[DATA SUPPLIED — start]

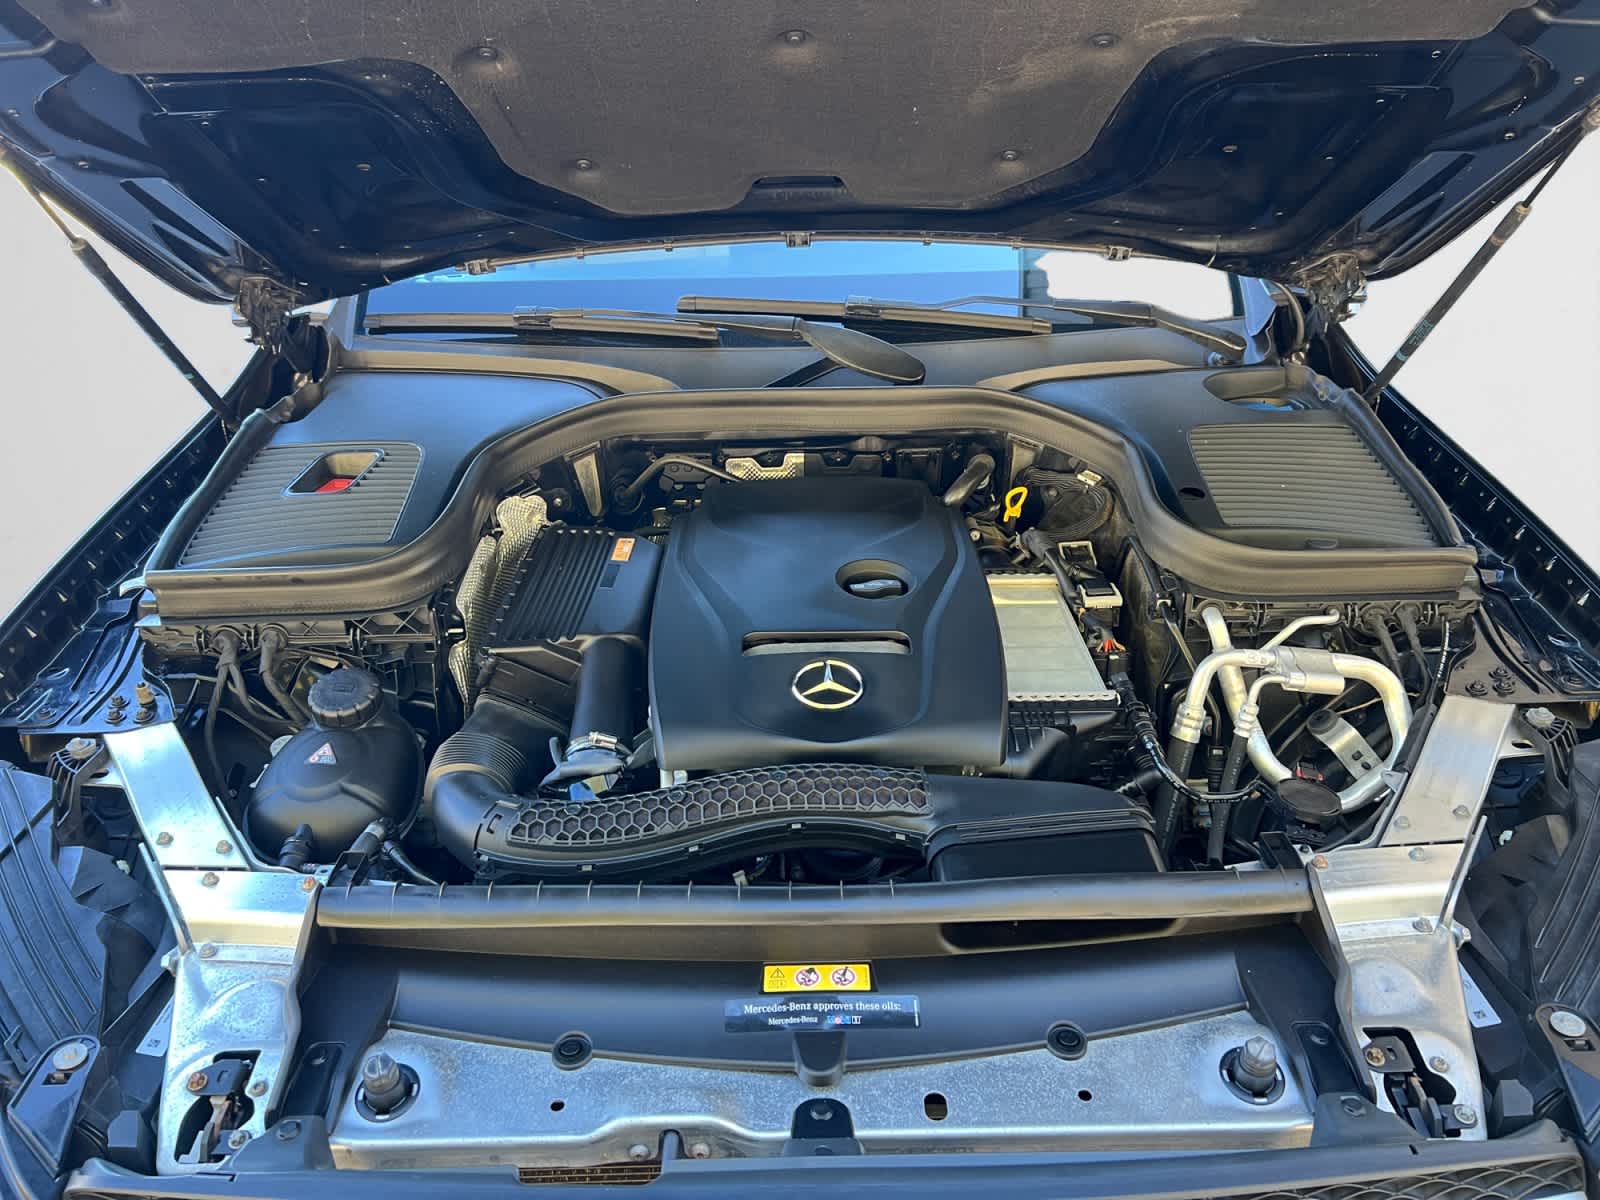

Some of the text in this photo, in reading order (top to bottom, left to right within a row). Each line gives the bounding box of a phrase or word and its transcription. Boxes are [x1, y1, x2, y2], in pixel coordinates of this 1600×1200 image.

[744, 1002, 811, 1014] Mercedes-Benz
[813, 1002, 854, 1012] approves
[855, 1001, 880, 1011] these
[767, 1016, 818, 1026] Mercedes-Benz
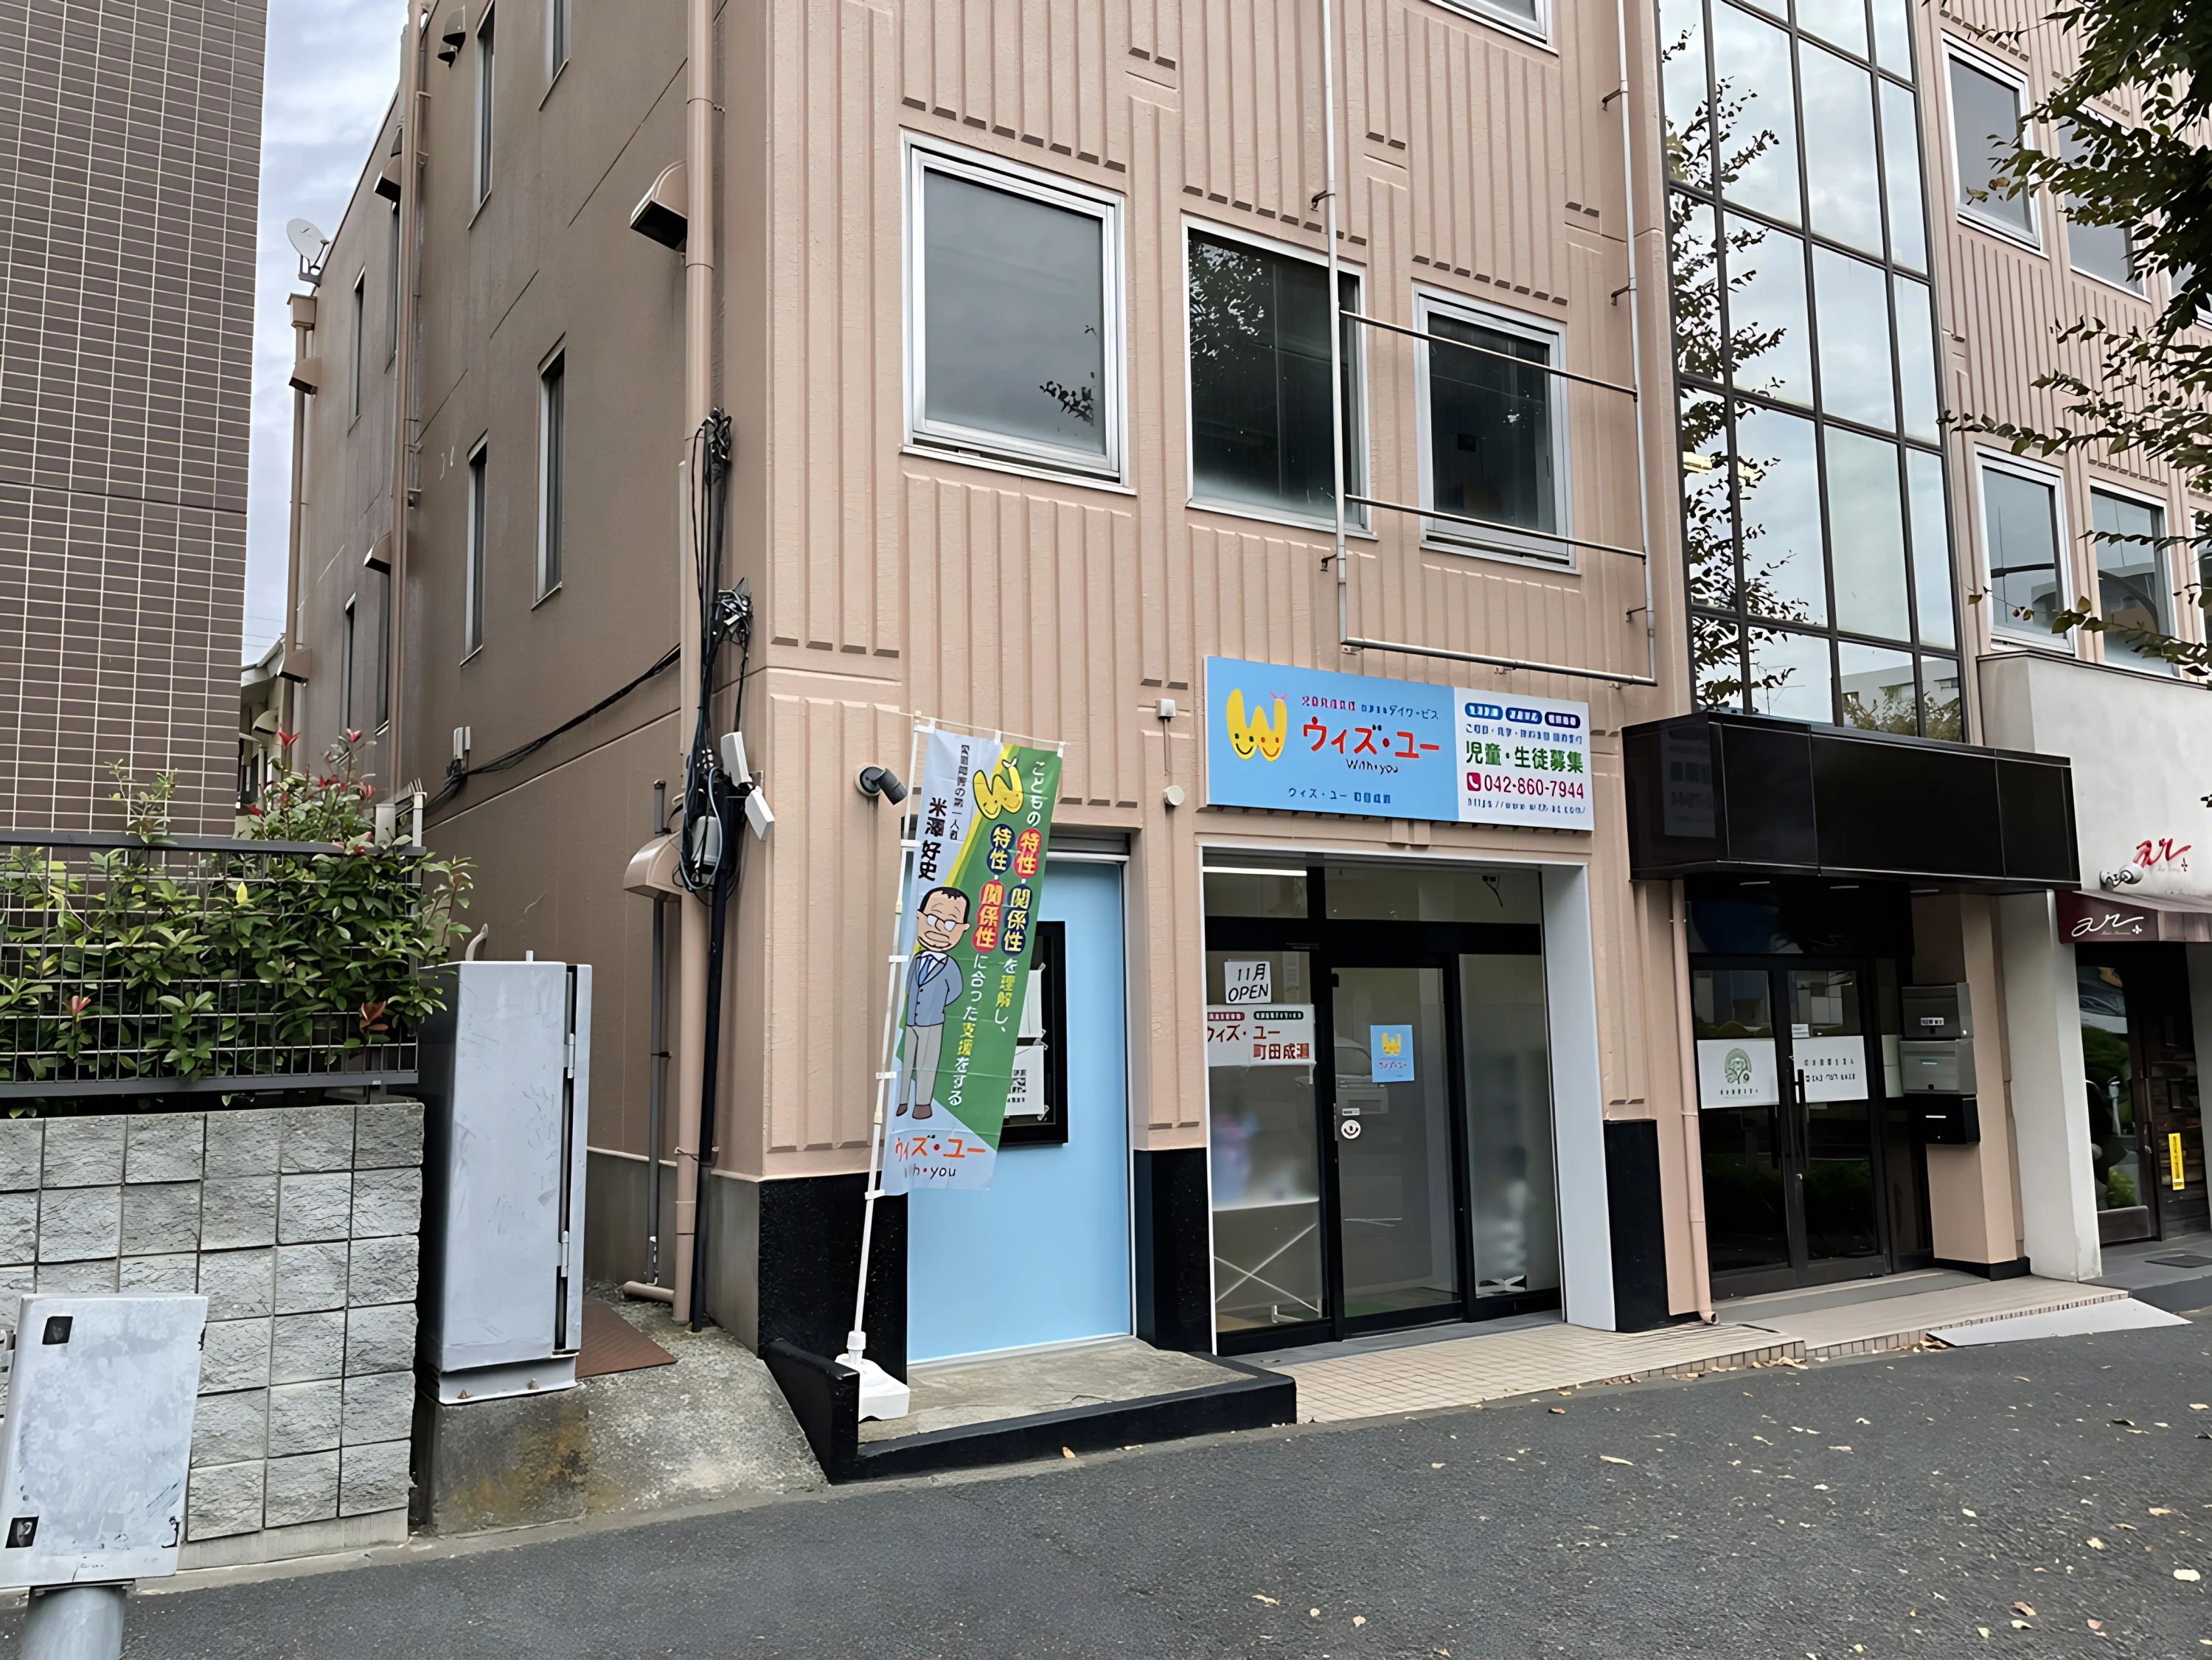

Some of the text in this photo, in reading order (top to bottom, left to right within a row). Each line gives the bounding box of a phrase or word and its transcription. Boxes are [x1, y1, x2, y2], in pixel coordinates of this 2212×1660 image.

[1304, 716, 1439, 759] ウィズ・ユー
[1484, 774, 1584, 799] 042-860-7944
[1238, 963, 1266, 982] 11月
[1228, 983, 1269, 1002] OPEN
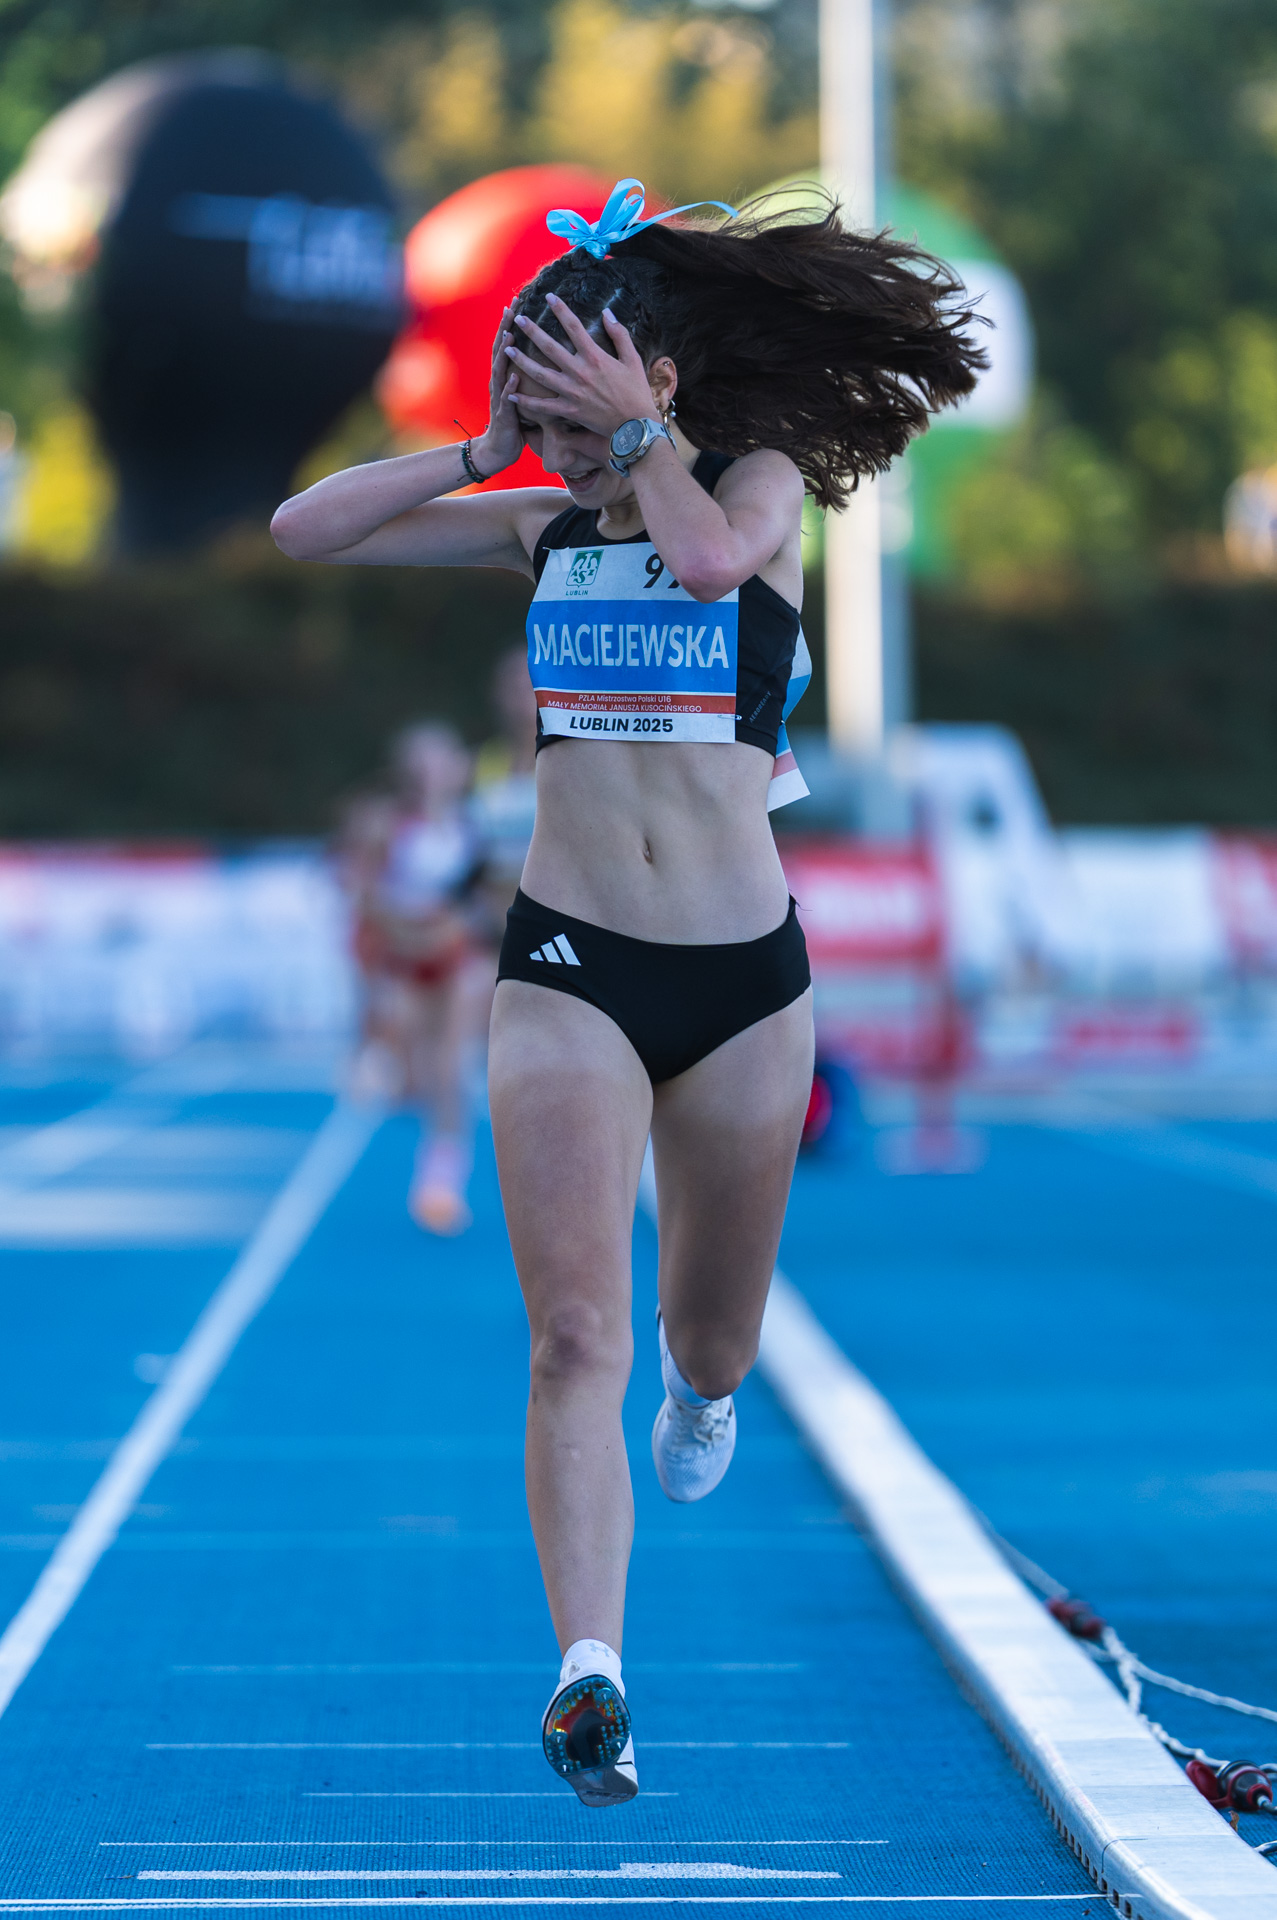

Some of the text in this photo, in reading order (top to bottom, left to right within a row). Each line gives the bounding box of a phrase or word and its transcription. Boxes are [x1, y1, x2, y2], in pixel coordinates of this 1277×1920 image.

[643, 552, 680, 588] 9
[533, 623, 730, 669] MACIEJEWSKA
[547, 700, 702, 713] MAŁY MEMORIAŁ JANUSZA KUSOCIŃSKIEGO
[578, 694, 672, 703] PZLA Mistrzostwa Polski U16
[749, 690, 772, 724] AEROREADY
[569, 716, 674, 733] LUBLIN 2025

[DATA SUPPLIED — finish]

Starting with the line that contains "this 2212×1660 image.", print every line through the end of the data exactly as written; omit all pictures and add nothing else.

RESULT:
Some of the text in this photo, in reading order (top to bottom, left to right within a row). Each line gives the bounding box of a phrase or word and its transcription. Boxes are [x1, y1, x2, y2], in pixel coordinates of this 2212×1660 image.

[1304, 716, 1439, 759] ウィズ・ユー
[1484, 774, 1584, 799] 042-860-7944
[1238, 963, 1266, 982] 11月
[1228, 983, 1269, 1002] OPEN

Some of the text in this photo, in reading order (top to bottom, left to right within a row). Each line gives the bounding box of a phrase or word and its transcription. Boxes are [x1, y1, x2, y2], in pixel coordinates of this 1277×1920 image.

[643, 552, 680, 588] 9
[533, 623, 730, 669] MACIEJEWSKA
[547, 700, 702, 713] MAŁY MEMORIAŁ JANUSZA KUSOCIŃSKIEGO
[578, 694, 672, 703] PZLA Mistrzostwa Polski U16
[749, 690, 772, 724] AEROREADY
[569, 716, 674, 733] LUBLIN 2025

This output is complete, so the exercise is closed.